[Task prompt]
Give the listing again exactly, omitting its images.

[Information]
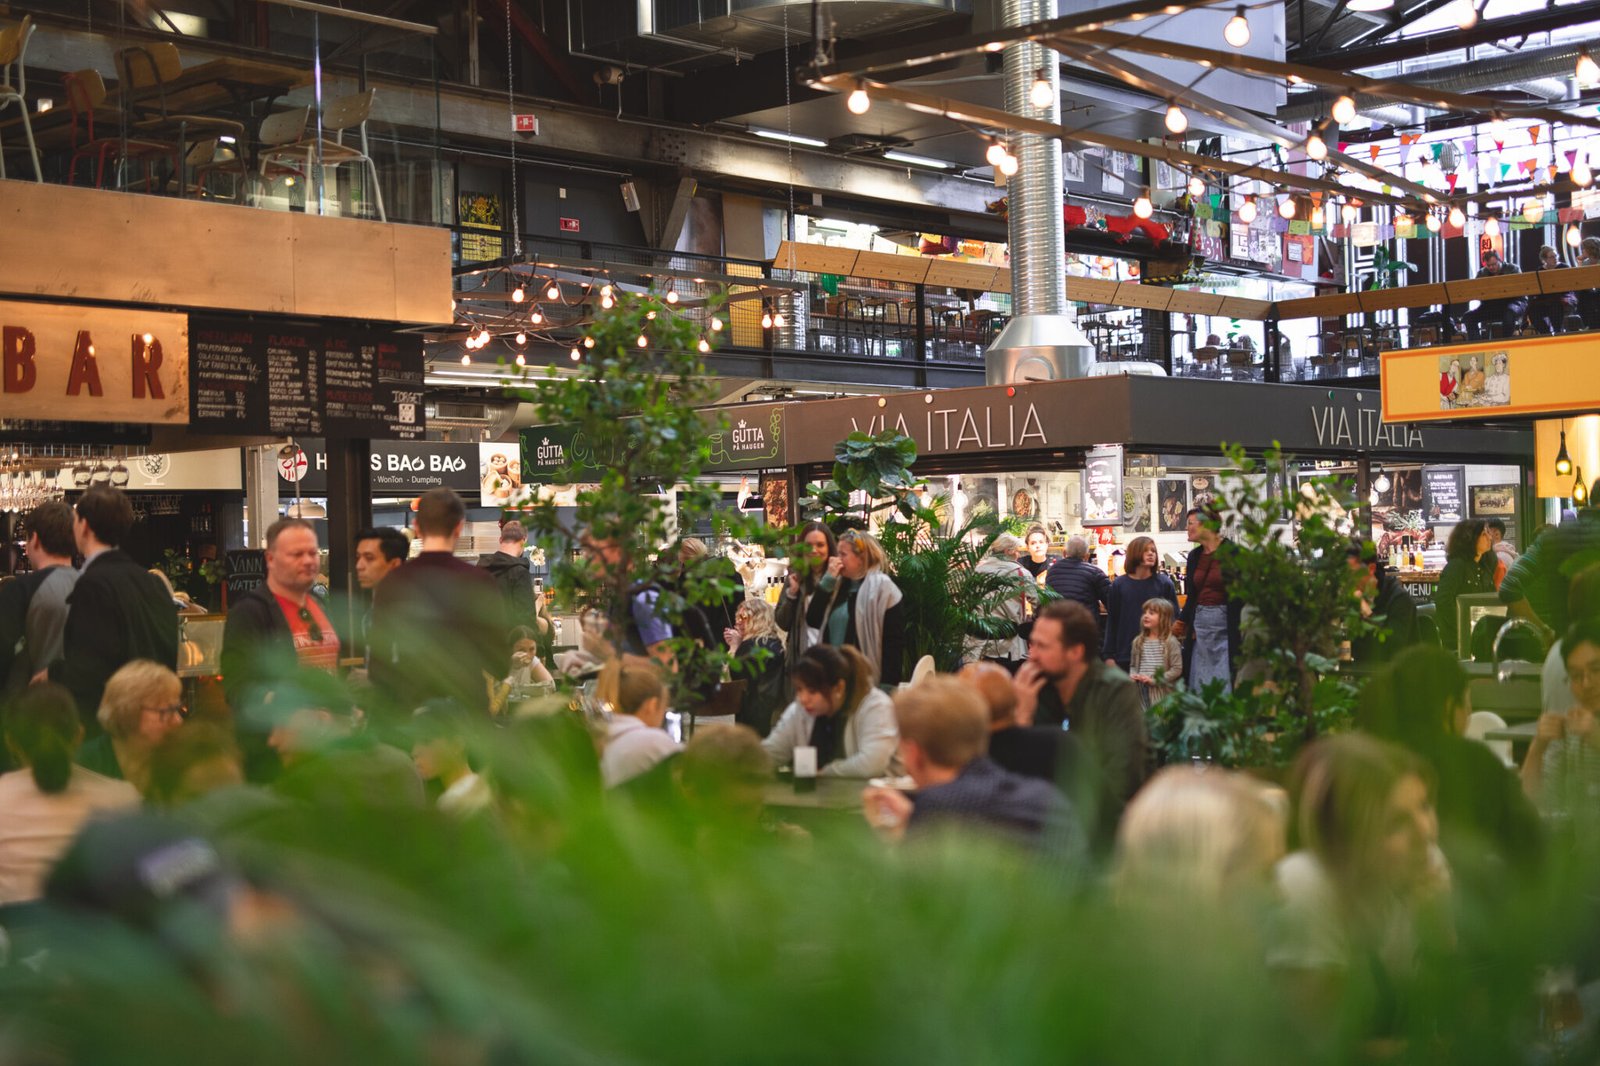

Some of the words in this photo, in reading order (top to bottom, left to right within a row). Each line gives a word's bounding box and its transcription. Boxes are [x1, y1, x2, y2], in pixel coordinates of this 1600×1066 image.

[3, 325, 165, 399] BAR
[392, 390, 424, 404] TORGET
[390, 424, 424, 432] MATHALLEN
[926, 396, 1048, 452] ITALIA
[1311, 405, 1353, 446] VIA
[1358, 407, 1424, 448] ITALIA
[732, 427, 765, 443] GUTTA
[537, 444, 564, 459] GUTTA
[741, 442, 765, 450] HAUGEN
[387, 453, 425, 472] BAO
[429, 454, 467, 473] BAO
[545, 458, 565, 466] HAUGEN
[411, 476, 442, 485] Dumpling
[228, 554, 263, 572] VANN
[1402, 583, 1432, 597] MENU

[Solution]
Some of the words in this photo, in reading order (top to bottom, left to right within a row). Each line gives a word's bounding box and its transcription. Boxes are [x1, y1, x2, y2], in pixel coordinates of this 1600×1066 image.

[3, 325, 165, 399] BAR
[392, 390, 424, 404] TORGET
[390, 424, 424, 432] MATHALLEN
[926, 396, 1048, 452] ITALIA
[1311, 405, 1353, 446] VIA
[1358, 407, 1424, 448] ITALIA
[732, 427, 765, 443] GUTTA
[537, 444, 564, 459] GUTTA
[741, 442, 765, 450] HAUGEN
[387, 453, 425, 472] BAO
[429, 454, 467, 473] BAO
[545, 458, 565, 466] HAUGEN
[411, 476, 442, 485] Dumpling
[228, 554, 263, 572] VANN
[1402, 583, 1432, 597] MENU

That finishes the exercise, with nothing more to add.